June Andersen is a career-driven New York banker teetering on the edge. After an alarming health episode, doctors warn her to change her ways, but she only takes an enforced break when she receives a letter from a law firm in her hometown of Seattle informing her that her great-aunt Ruby has died and that she has inherited her bookstore. At first, the pragmatic June intends to sell the store, but events conspire to change her mind. She is attracted to Gavin, who owns the adjoining restaurant, and an encounter with her estranged sister, Amy, forces June to confront unresolved issues from the past.
While sorting through Ruby’s stock, June comes across letters exchanged in the 1940s between Ruby and her best friend, children’s author Margaret Wise Brown. June’s defensive shell crumbles as the letters reveal secrets about Ruby’s life and snippets of wisdom about the value of sisters. There is also a mystery to solve when the store is broken into.

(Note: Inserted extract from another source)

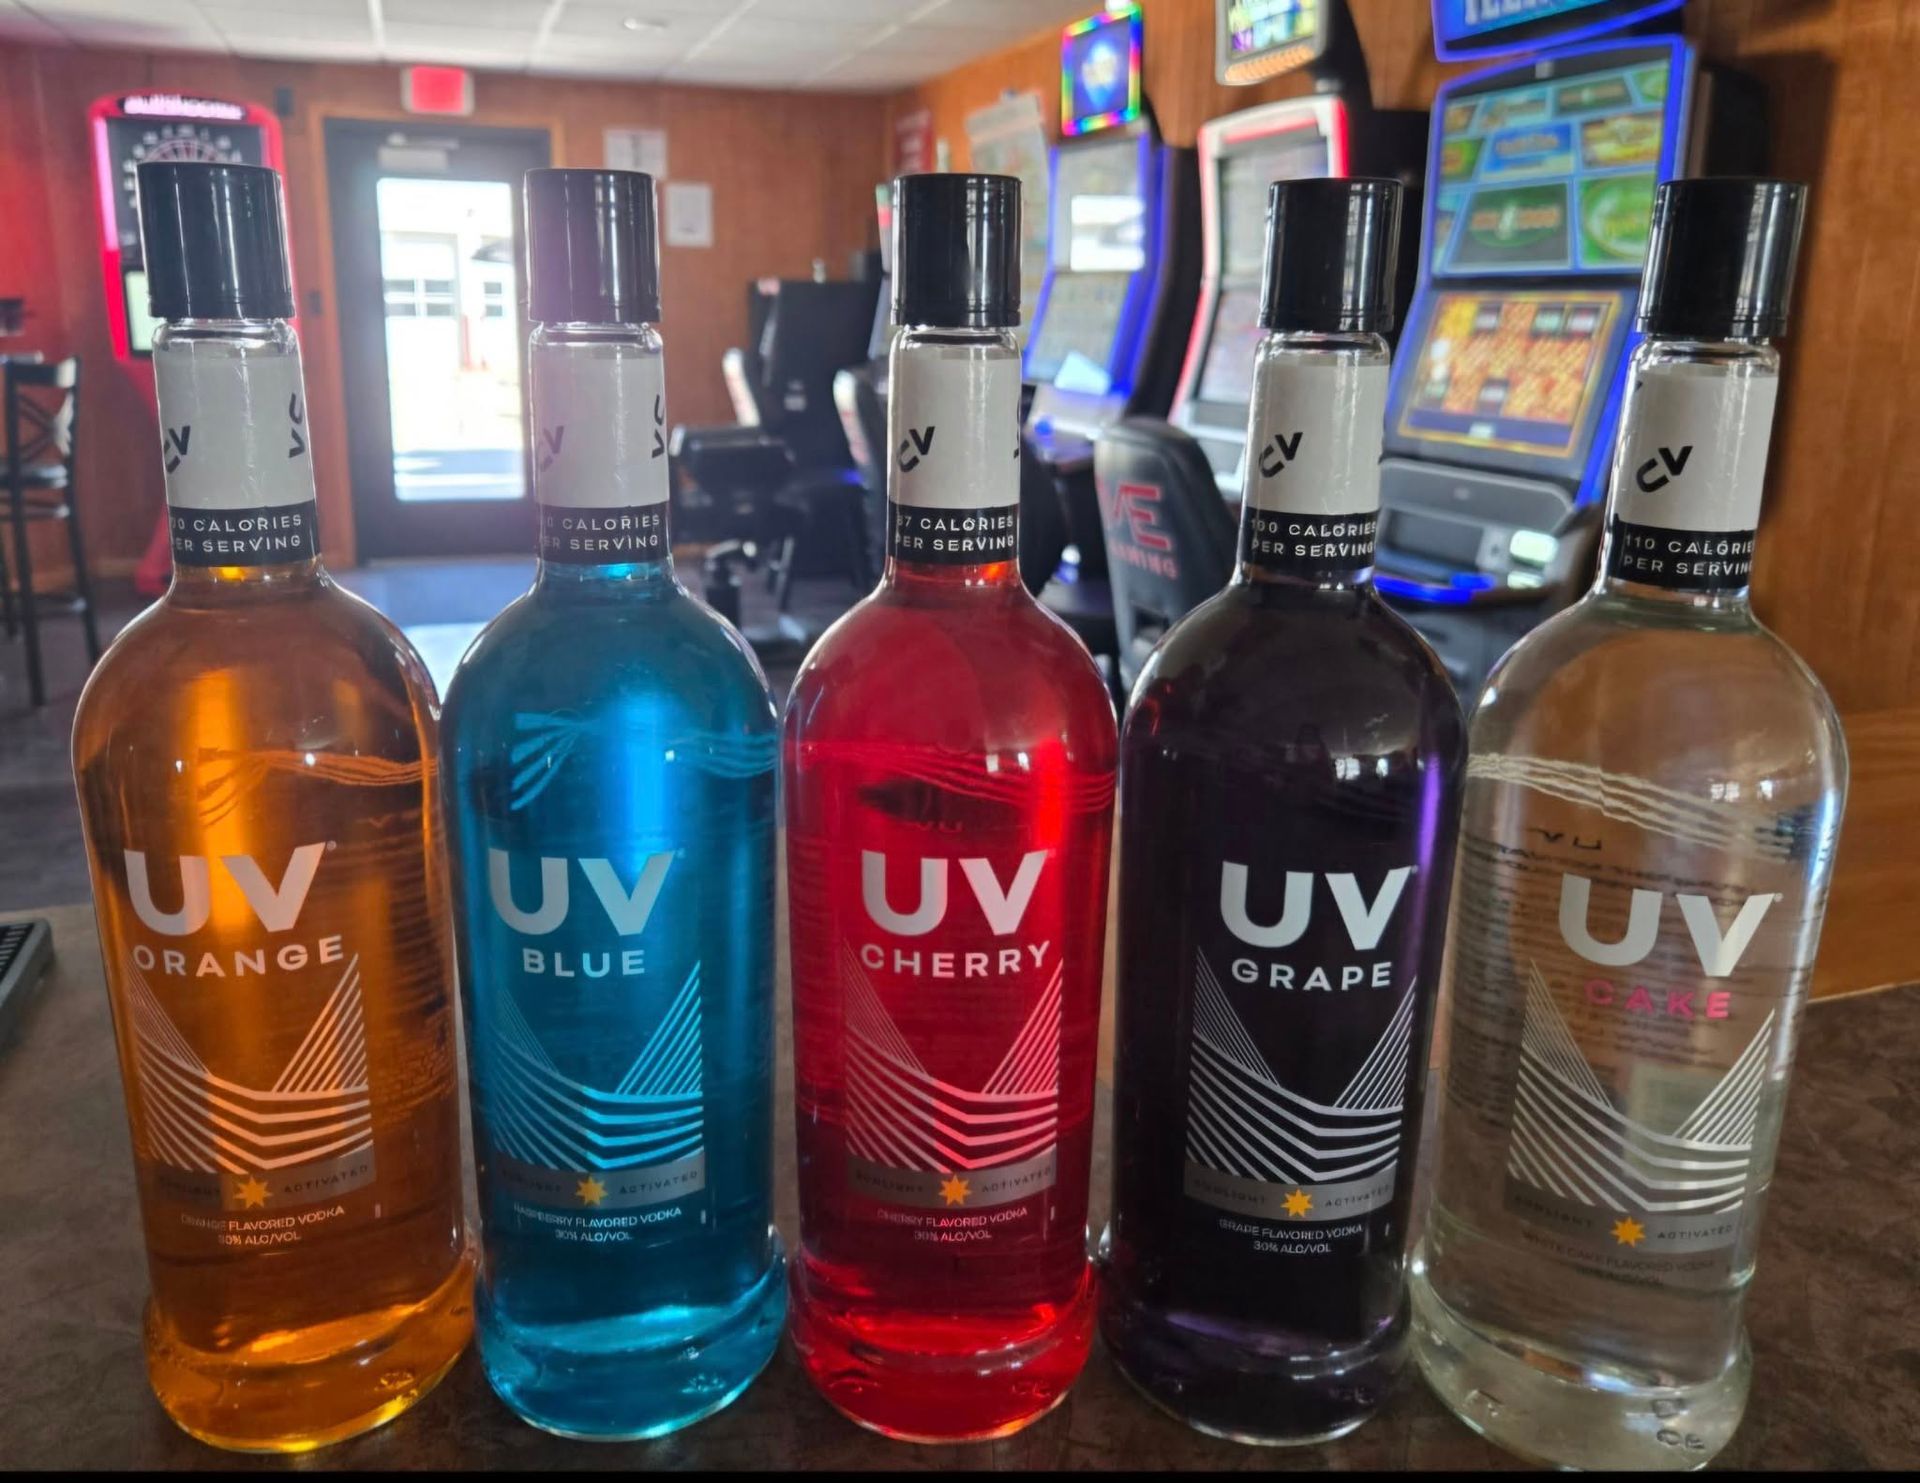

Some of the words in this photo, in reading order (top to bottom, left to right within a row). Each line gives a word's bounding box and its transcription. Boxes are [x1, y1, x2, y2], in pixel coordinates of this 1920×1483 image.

Although there is historical fiction in its invented letters, this is for the most part a contemporary novel about self-discovery and why bookstores still matter in our modern world. It is written from the heart with great affection for the woman who was the catalyst for many a child’s love of reading and is a fine tribute to “Brownie,” whose work will no doubt find a resurgence if this novel has the success it deserves.
This is a must for all those adults who adored Goodnight Moon when they were children, and those parents, grandparents and others who are introducing its simple charm and wonder to the next generation. Sarah Jio’s delightful and uplifting novel is guaranteed to melt even the toughest cynic and deserves a top rating of five stars (plus the moon).